ABOUT THIS EXERCISE >> Your copy should start at the line with "this 1620×1080 image." and end at the line with "this 1288×966 image." in the data below. Transcribe only those lines, exactly, pictures excluded.

──────── SUPPLIED RECORDS ────────

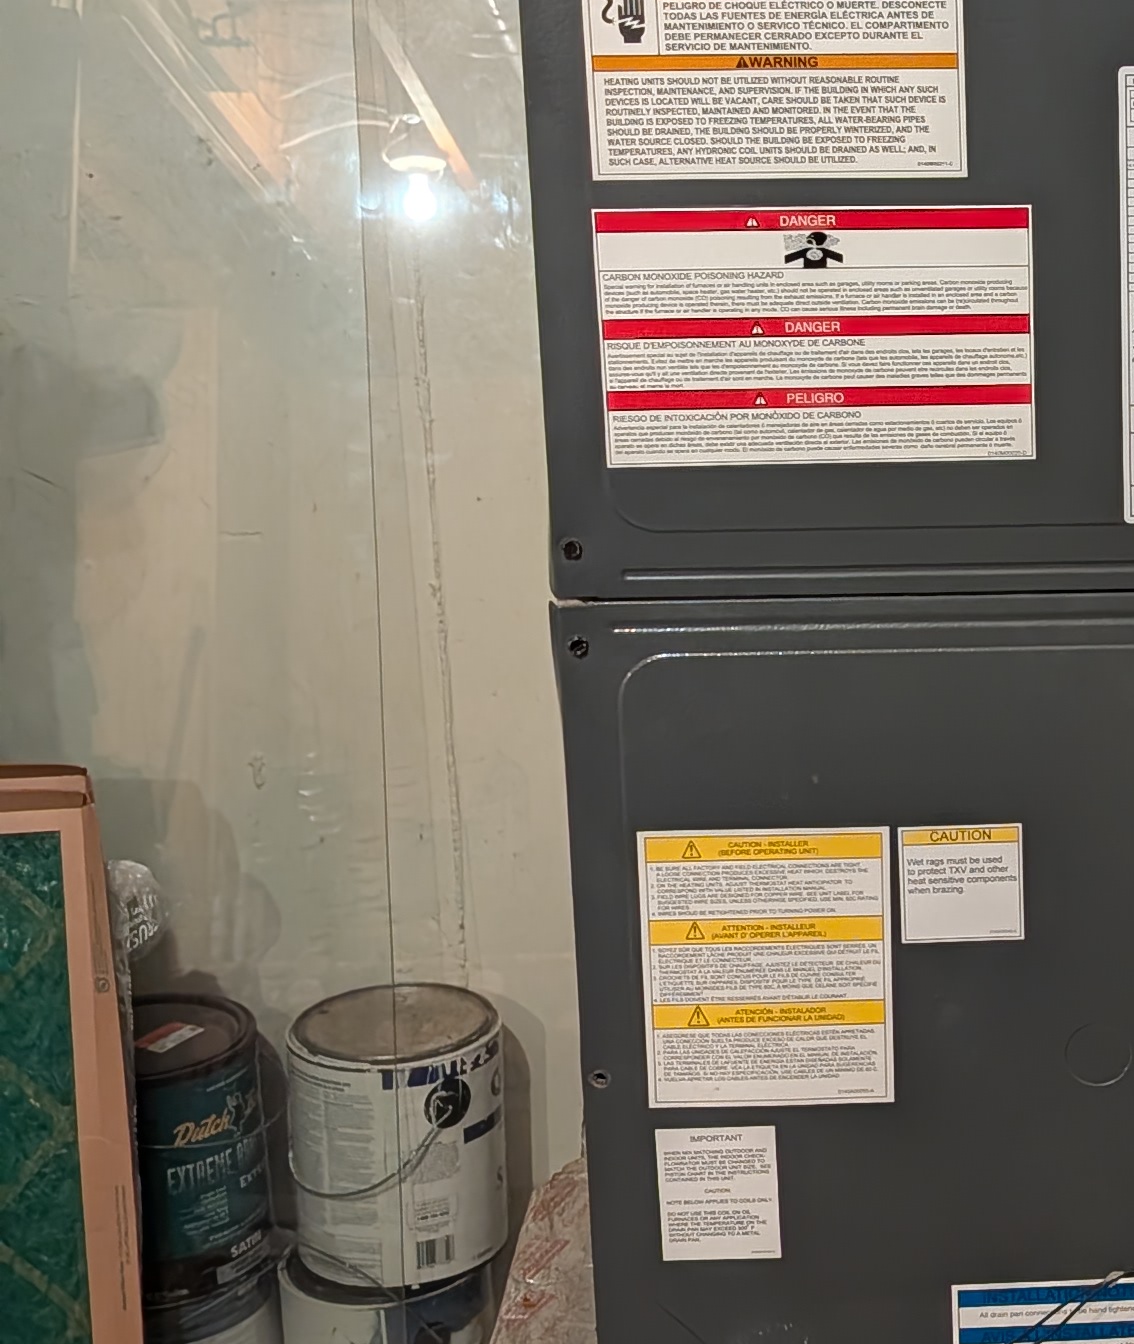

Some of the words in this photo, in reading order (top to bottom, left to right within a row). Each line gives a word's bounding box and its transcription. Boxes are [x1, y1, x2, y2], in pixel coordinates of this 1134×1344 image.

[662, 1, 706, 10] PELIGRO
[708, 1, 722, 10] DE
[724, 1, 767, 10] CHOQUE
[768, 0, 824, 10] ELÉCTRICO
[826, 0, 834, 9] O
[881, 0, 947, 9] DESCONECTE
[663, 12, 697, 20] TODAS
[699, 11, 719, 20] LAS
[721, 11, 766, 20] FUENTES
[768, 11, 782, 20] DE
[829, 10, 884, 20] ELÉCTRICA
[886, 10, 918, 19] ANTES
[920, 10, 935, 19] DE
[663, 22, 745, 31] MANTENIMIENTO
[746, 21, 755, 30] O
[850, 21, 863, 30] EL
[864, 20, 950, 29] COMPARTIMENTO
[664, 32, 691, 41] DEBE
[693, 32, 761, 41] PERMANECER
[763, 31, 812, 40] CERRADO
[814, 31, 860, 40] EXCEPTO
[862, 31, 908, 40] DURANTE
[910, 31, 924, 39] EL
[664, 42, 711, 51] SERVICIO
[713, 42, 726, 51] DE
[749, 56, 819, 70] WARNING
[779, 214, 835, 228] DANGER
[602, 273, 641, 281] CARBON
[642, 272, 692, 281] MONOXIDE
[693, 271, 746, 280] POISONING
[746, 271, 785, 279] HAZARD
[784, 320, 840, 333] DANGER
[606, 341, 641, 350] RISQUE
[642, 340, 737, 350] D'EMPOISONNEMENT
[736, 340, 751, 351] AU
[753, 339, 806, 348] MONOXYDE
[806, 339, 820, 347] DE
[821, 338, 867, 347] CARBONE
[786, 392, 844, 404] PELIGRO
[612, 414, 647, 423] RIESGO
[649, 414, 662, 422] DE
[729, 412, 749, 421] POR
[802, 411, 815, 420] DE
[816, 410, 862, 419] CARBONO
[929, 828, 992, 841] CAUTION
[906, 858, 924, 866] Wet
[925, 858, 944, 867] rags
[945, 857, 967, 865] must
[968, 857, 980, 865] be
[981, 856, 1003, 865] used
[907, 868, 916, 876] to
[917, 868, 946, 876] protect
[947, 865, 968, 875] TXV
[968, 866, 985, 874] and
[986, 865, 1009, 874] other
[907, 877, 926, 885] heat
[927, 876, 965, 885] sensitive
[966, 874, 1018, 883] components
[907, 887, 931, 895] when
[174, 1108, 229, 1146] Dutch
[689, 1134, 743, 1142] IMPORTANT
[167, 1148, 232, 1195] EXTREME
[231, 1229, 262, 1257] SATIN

────────
──────── SUPPLIED RECORDS ────────

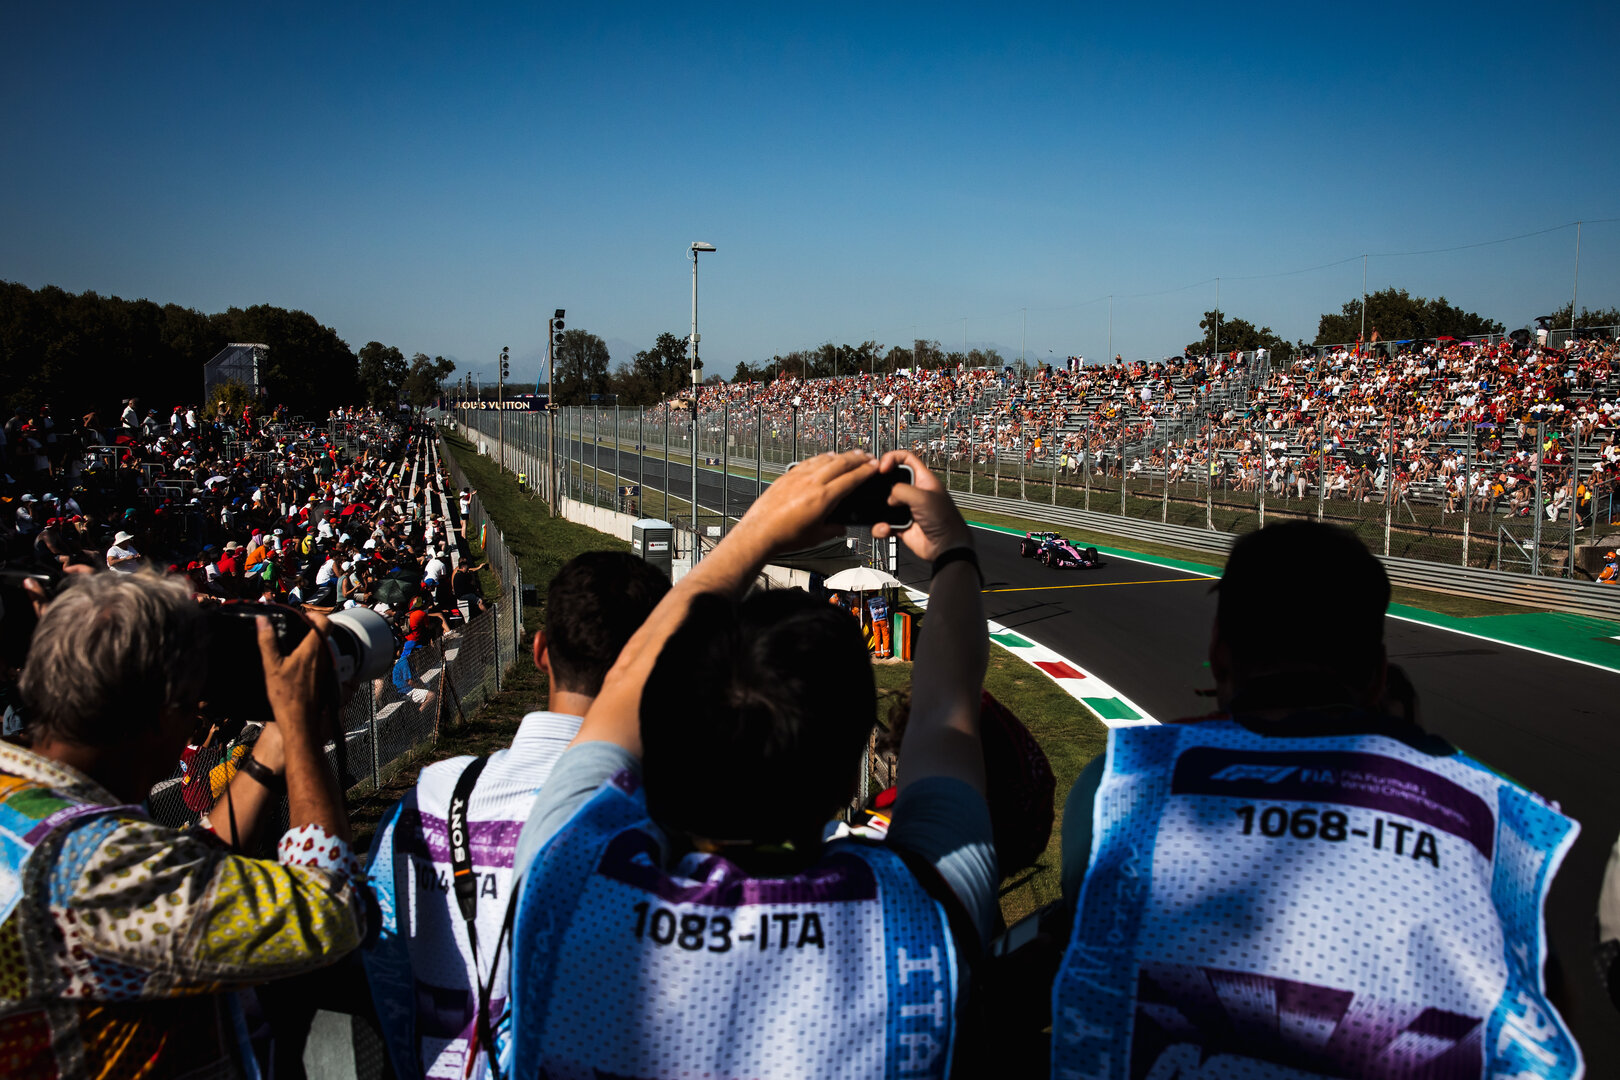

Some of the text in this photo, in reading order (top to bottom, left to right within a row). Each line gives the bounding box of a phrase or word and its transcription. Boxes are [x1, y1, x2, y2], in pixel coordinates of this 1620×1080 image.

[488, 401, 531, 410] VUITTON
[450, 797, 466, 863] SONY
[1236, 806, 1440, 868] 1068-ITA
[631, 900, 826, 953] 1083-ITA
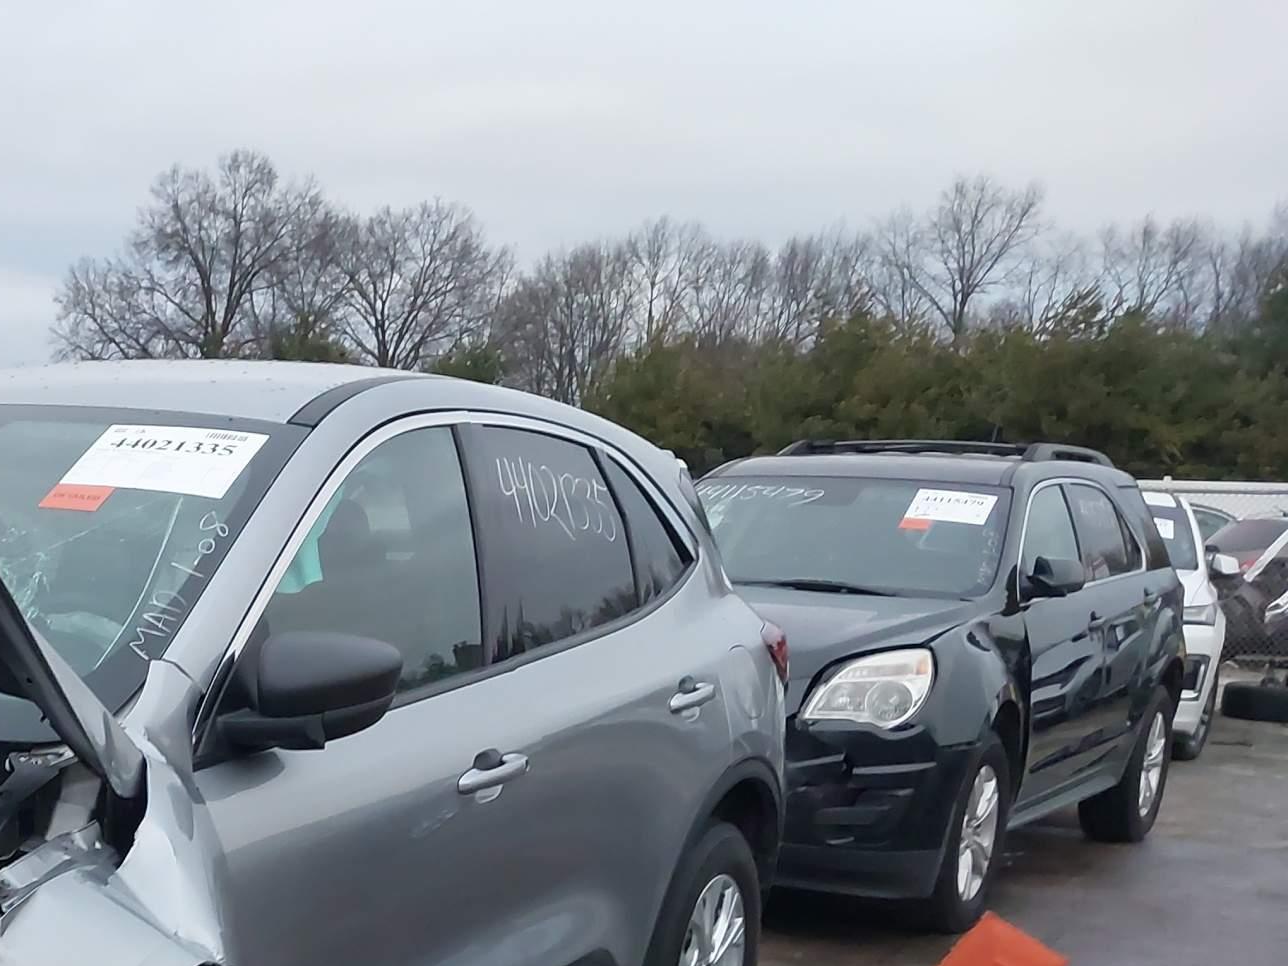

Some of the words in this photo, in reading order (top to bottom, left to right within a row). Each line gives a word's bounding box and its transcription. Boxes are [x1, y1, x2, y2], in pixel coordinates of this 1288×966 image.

────────
──────── SUPPLIED RECORDS ────────

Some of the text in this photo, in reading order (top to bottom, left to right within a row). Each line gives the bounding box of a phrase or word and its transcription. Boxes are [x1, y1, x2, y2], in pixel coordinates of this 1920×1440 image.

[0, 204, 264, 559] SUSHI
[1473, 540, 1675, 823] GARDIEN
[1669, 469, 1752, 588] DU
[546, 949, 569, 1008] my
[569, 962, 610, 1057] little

────────

RESULT >>
Some of the text in this photo, in reading order (top to bottom, left to right within a row). Each line gives the bounding box of a phrase or word and its transcription. Boxes are [x1, y1, x2, y2], in pixel coordinates of this 1620×1080 image.

[488, 401, 531, 410] VUITTON
[450, 797, 466, 863] SONY
[1236, 806, 1440, 868] 1068-ITA
[631, 900, 826, 953] 1083-ITA

Some of the words in this photo, in reading order (top to bottom, left to right within a row). Each line gives a word's bounding box and its transcription. Boxes are [x1, y1, x2, y2], in pixel coordinates of this 1288×966 image.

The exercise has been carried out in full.